As per the proposed corporate guarantee (CG), IRCON unconditionally and irrevocably guarantees that till the receipt of first annuity, in the event of any default on the part of IGRHL in payment/repayment or in the event of any default to comply with any of the terms, conditions and covenants contained in the facility agreements, they will pay to the lenders all the amounts payable under the facility agreements. With this limited-period guarantee, construction and other risks that may materialize till the commissioning of the project gets transferred to the guarantor, thereby providing comfort to the rating.

Hybrid annuity structure of the project, with favourable clauses in concession agreement to address execution challenges The concession agreement (CA) – in line with the model CA for HAM projects – includes clauses that serve to partially secure the project and its lenders against construction risks, including delays in land acquisition. Such clauses include stipulating the achievement of at least 80% right-of-way (RoW) as a precedent condition for declaring appointed date (AD) for the project. Besides, there is a provision for granting deemed completion of the project in case 100% of the work is completed on the RoW which becomes available to it within 182 days of the appointed date. In addition, stringent clauses for levy of damages, encashment of performance security as well as requirement of additional performance security in case of delay in execution due to reasons attributed to the concessionaire act as significant disincentives against slippages in execution. The HAM model also entails lower sponsor contribution during construction period considering 40% construction support from NHAI and availability of 10% mobilization advances on bid project cost (BPC).
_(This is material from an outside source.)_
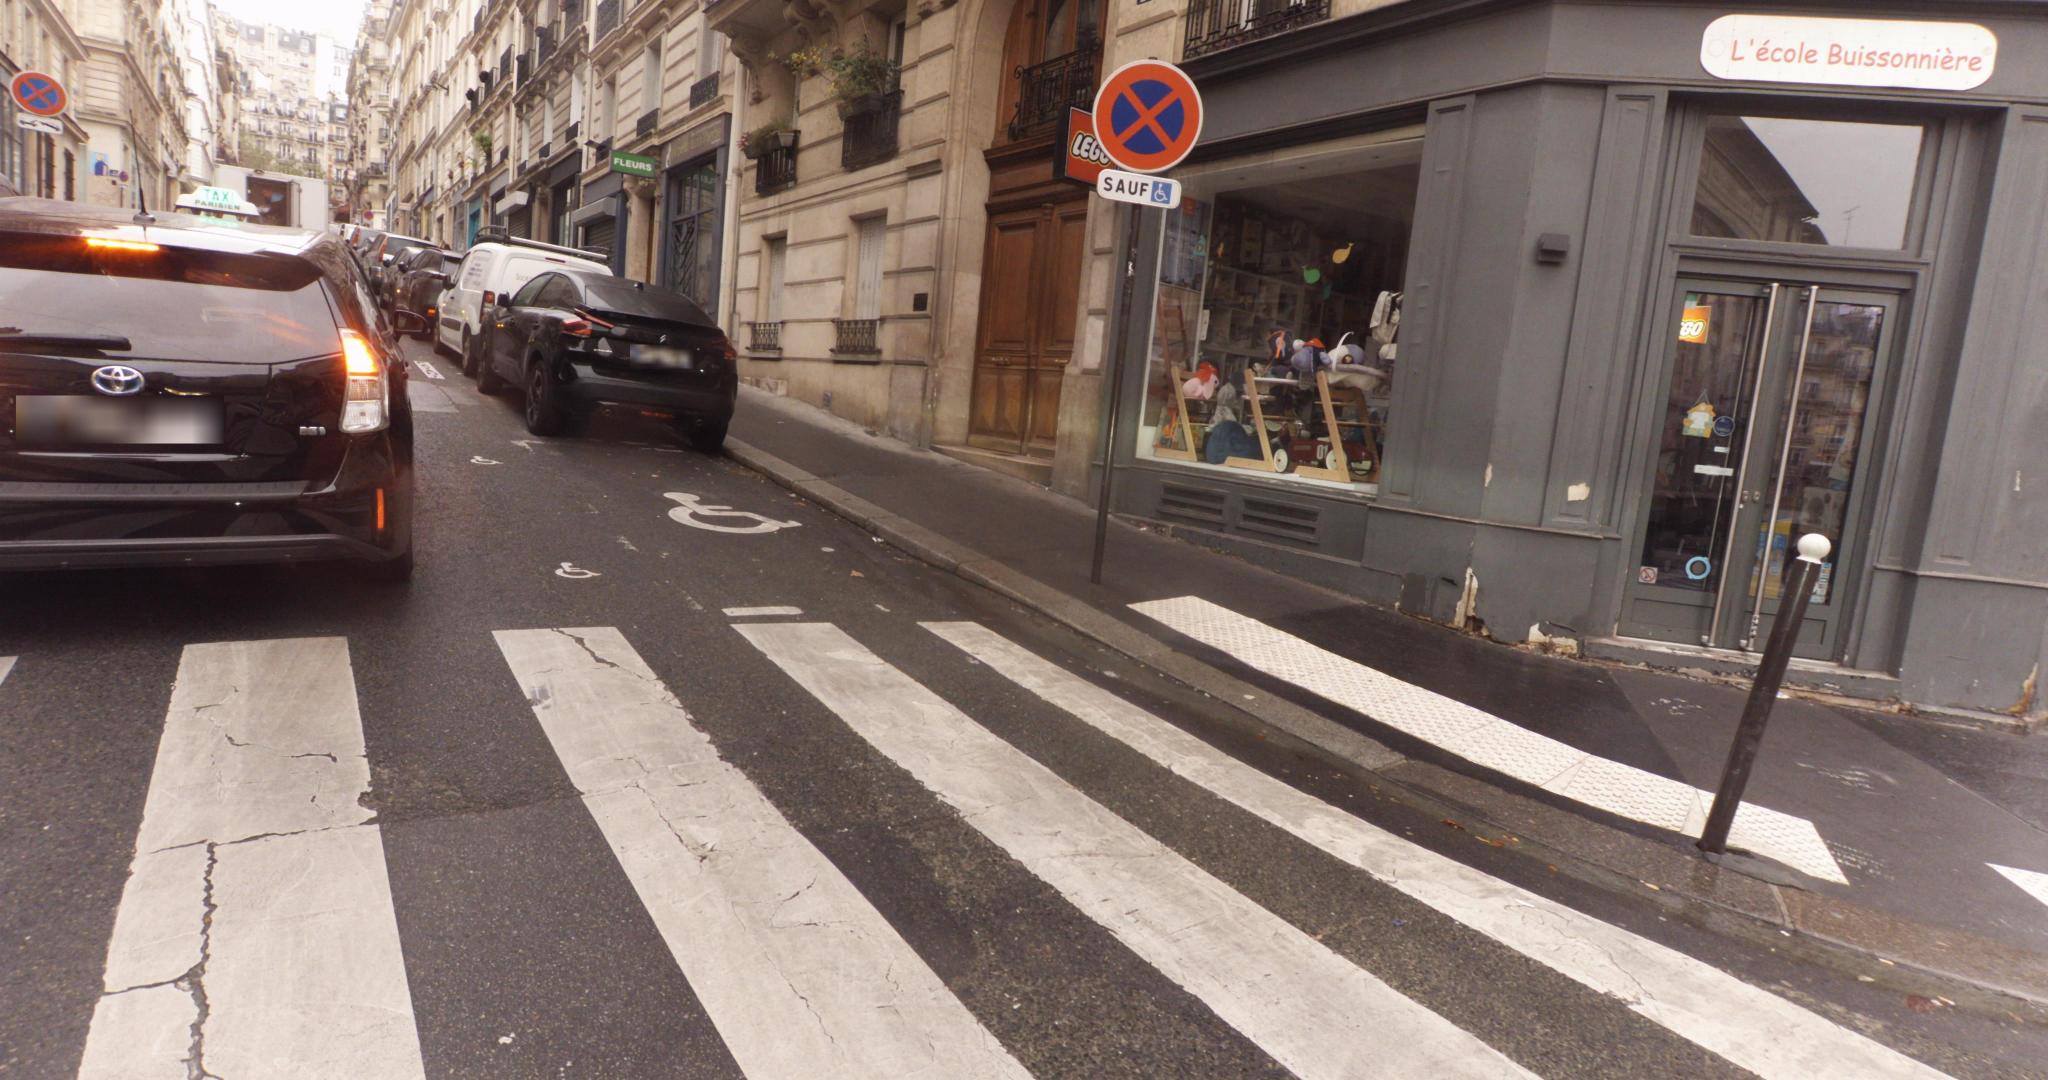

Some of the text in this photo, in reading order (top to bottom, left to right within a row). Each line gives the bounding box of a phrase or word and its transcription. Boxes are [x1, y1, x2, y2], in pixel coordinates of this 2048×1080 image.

BPC and O&M cost shall be inflation indexed (through a Price Index Multiple [PIM]), which is the weighted average of Wholesale Price Index (WPI) and Consumer Price Index (CPI) in the ratio of 70:30. The inflation-indexed BPC protects the developers against price escalation to an extent.

Cash flow visibility due to the annuity nature of the revenue stream linked to inflation-indexed O&M annuity and bank rate linked interest annuity During the operational phase, the project’s cash flow is assured in the form of annuity payments from NHAI on semi- annual basis covering 60% of the project completion cost along with interest at ‘bank rate plus 3%’ on reducing balance and inflation indexed O&M annuity.
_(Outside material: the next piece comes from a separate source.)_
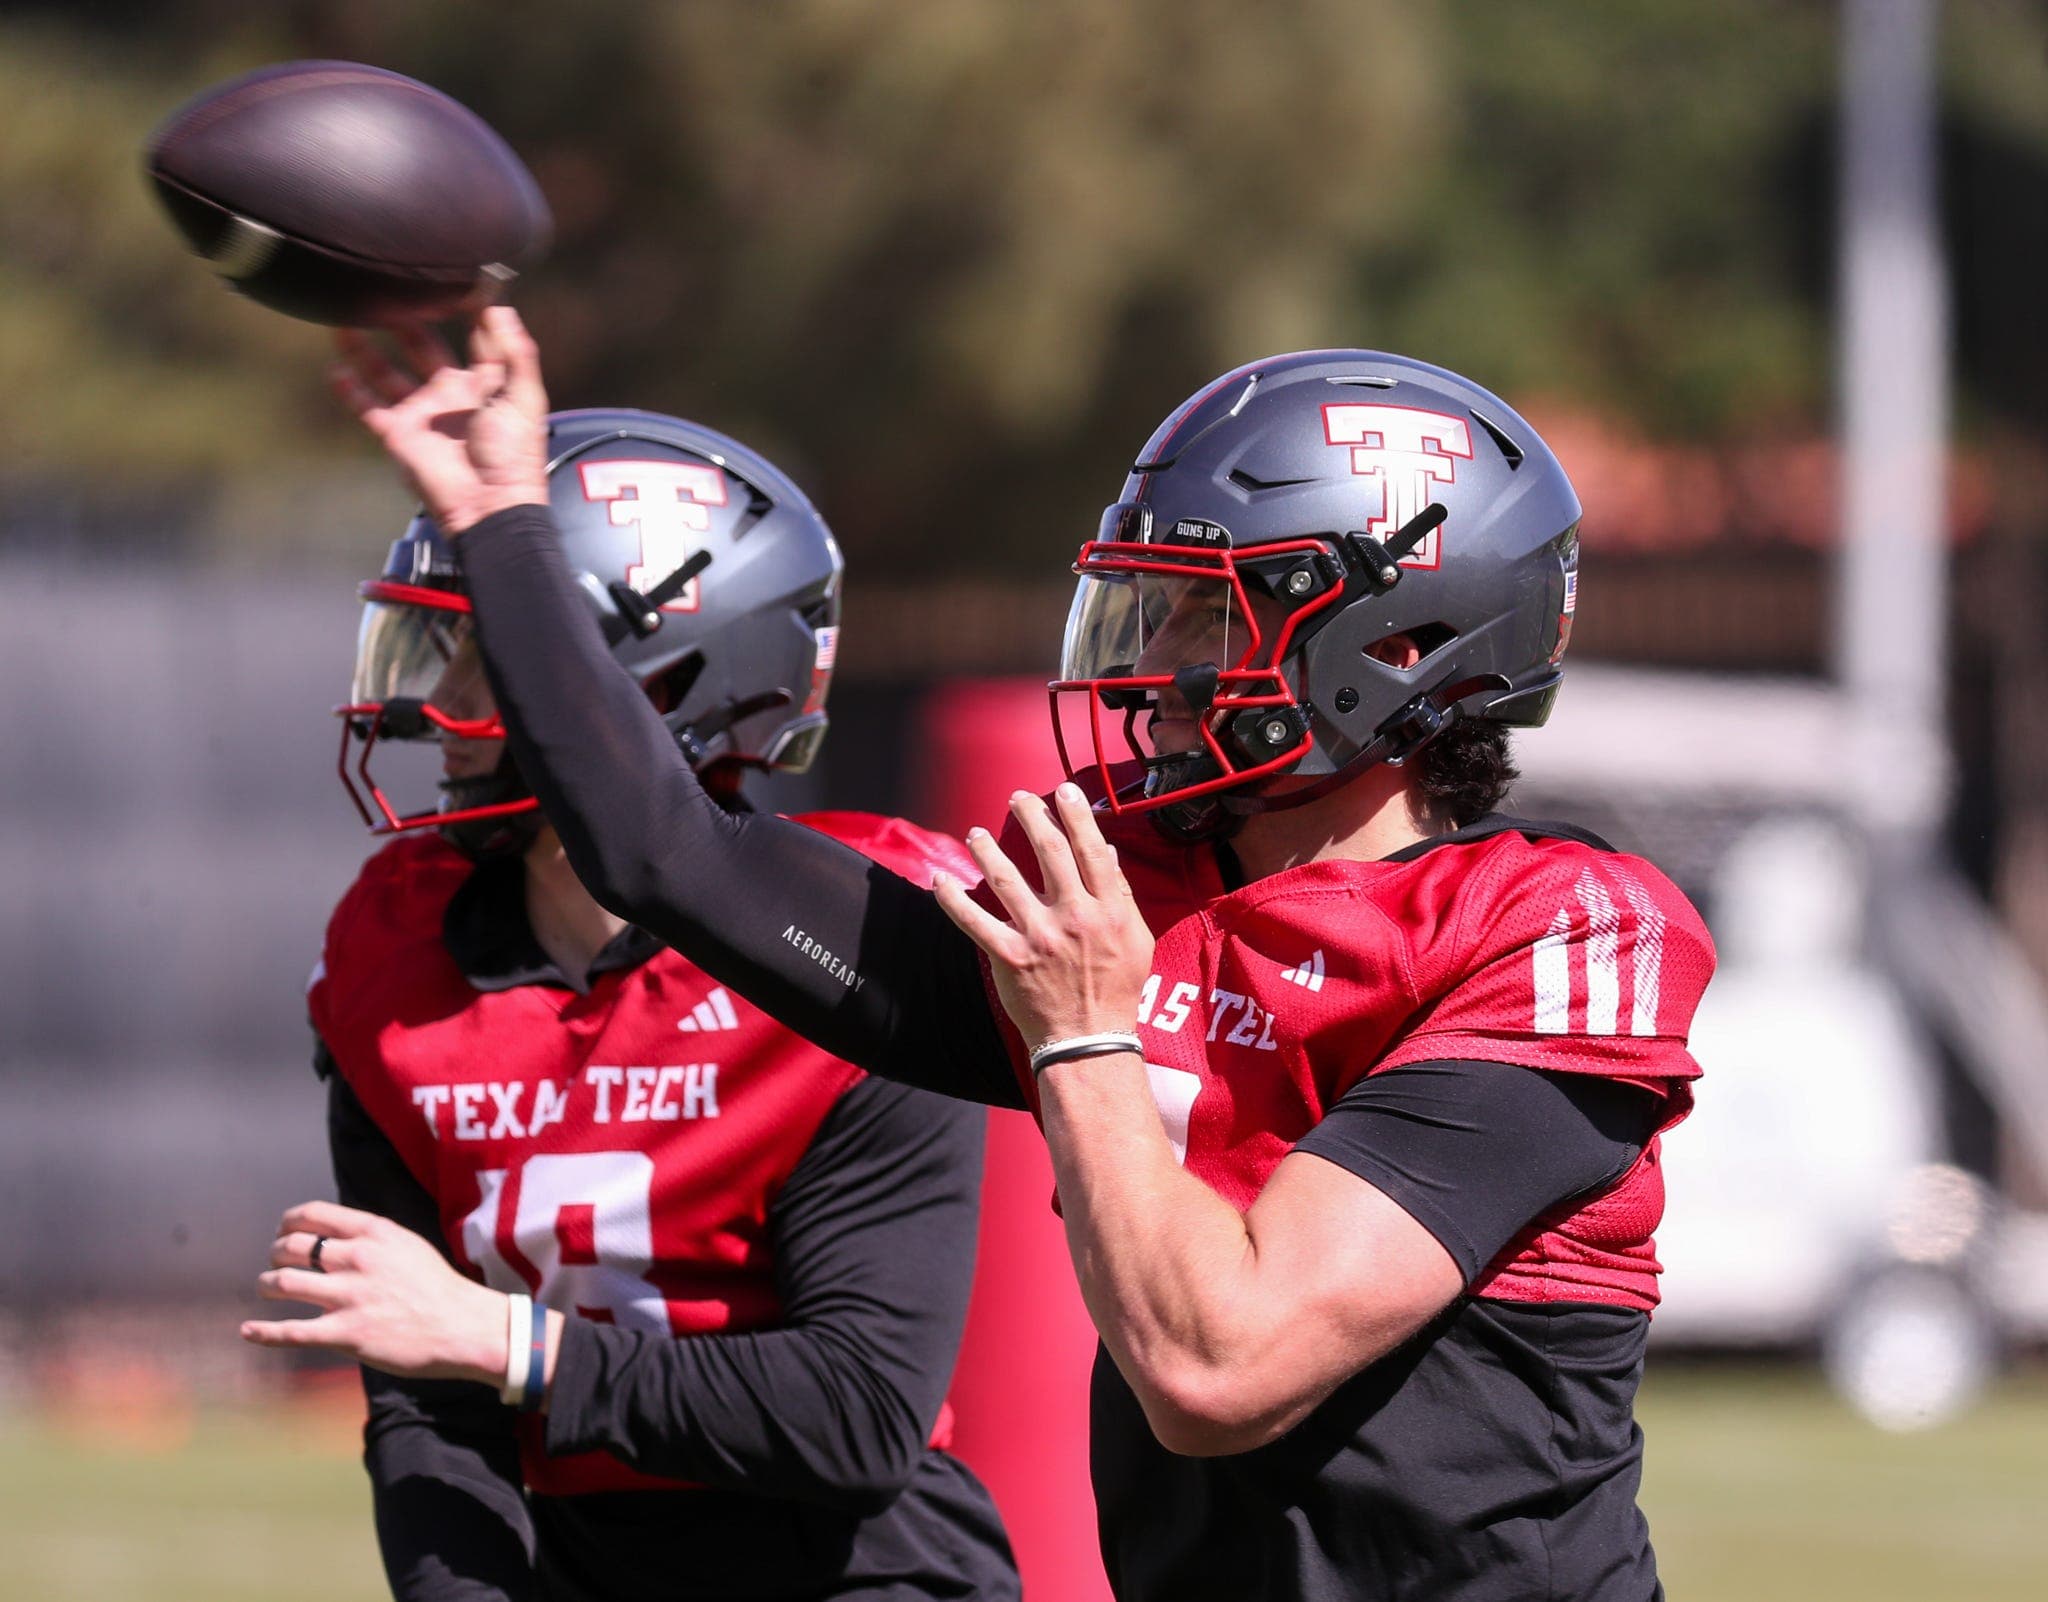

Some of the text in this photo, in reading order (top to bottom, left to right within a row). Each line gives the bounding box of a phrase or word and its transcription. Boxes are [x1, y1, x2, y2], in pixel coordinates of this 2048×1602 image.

Low counterparty credit risk Incorporated by the Government of India (GoI) under an Act of the Parliament as a statutory body, NHAI functions as the nodal agency for development, maintenance and management of the National Highways in the country. The outlook on NHAI, as symbolized in its rating, reflects its significance for the GoI and, consequently, the abiding direct and indirect support expected from it for the agency. Fixed-price EPC contract with sponsor, IRCON The company proposes to enter into a fixed price EPC contract with IRCON, which has executed nation building infrastructure projects in roads, buildings, electrical substation and distribution, airport construction, commercial complexes, metro and railway segment. The sponsor has long experience in the construction and infrastructure sector and are ably supported by a team of qualified engineers with significant expertise in road and highway construction.

Maintenance of surplus for meeting exigencies in the operational period and proposed DSRA The sponsor has proposed an upfront creation of a debt service reserve account (DSRA) for three months of interest servicing requirement, on the receipt of the first annuity. Additionally, based on articulation by IRCON, the SPV will retain surplus funds out of annuity receipt in the form of fixed deposits at all the times to make good towards any shortfall which may occur towards debt servicing for the period ahead. Further, in case of any inadequacy of funds at SPV level, IRCON shall be extending bank guarantees (BGs) to the extent of such shortfall, which is proposed to be a part of financing document.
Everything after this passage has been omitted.